# Data for this exercise:
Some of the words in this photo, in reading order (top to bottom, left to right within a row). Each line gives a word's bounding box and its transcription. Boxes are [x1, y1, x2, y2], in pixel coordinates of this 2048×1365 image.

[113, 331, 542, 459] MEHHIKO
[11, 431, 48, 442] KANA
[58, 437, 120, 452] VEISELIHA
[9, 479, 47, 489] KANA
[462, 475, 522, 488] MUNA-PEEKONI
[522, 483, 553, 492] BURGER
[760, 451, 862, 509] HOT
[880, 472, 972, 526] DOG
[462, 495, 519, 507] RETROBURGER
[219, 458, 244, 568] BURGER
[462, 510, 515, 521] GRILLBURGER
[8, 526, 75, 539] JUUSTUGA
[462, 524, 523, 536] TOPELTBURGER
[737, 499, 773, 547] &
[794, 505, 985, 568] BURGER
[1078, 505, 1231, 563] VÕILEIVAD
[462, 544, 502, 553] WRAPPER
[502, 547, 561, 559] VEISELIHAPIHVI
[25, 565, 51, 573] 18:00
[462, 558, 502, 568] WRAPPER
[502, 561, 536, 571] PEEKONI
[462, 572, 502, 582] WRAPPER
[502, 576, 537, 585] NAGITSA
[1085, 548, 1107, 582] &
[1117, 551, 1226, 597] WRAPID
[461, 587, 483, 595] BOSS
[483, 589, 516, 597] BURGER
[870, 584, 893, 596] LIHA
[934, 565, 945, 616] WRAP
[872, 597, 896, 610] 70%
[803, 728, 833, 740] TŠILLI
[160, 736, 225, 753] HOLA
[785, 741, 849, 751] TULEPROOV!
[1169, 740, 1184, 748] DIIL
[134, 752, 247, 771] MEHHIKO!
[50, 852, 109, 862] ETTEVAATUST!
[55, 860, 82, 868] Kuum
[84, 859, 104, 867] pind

# Exercise prompt:
The records above need copying again. Keep each word as it is.

# Answer to the exercise:
Some of the words in this photo, in reading order (top to bottom, left to right within a row). Each line gives a word's bounding box and its transcription. Boxes are [x1, y1, x2, y2], in pixel coordinates of this 2048×1365 image.

[113, 331, 542, 459] MEHHIKO
[11, 431, 48, 442] KANA
[58, 437, 120, 452] VEISELIHA
[9, 479, 47, 489] KANA
[462, 475, 522, 488] MUNA-PEEKONI
[522, 483, 553, 492] BURGER
[760, 451, 862, 509] HOT
[880, 472, 972, 526] DOG
[462, 495, 519, 507] RETROBURGER
[219, 458, 244, 568] BURGER
[462, 510, 515, 521] GRILLBURGER
[8, 526, 75, 539] JUUSTUGA
[462, 524, 523, 536] TOPELTBURGER
[737, 499, 773, 547] &
[794, 505, 985, 568] BURGER
[1078, 505, 1231, 563] VÕILEIVAD
[462, 544, 502, 553] WRAPPER
[502, 547, 561, 559] VEISELIHAPIHVI
[25, 565, 51, 573] 18:00
[462, 558, 502, 568] WRAPPER
[502, 561, 536, 571] PEEKONI
[462, 572, 502, 582] WRAPPER
[502, 576, 537, 585] NAGITSA
[1085, 548, 1107, 582] &
[1117, 551, 1226, 597] WRAPID
[461, 587, 483, 595] BOSS
[483, 589, 516, 597] BURGER
[870, 584, 893, 596] LIHA
[934, 565, 945, 616] WRAP
[872, 597, 896, 610] 70%
[803, 728, 833, 740] TŠILLI
[160, 736, 225, 753] HOLA
[785, 741, 849, 751] TULEPROOV!
[1169, 740, 1184, 748] DIIL
[134, 752, 247, 771] MEHHIKO!
[50, 852, 109, 862] ETTEVAATUST!
[55, 860, 82, 868] Kuum
[84, 859, 104, 867] pind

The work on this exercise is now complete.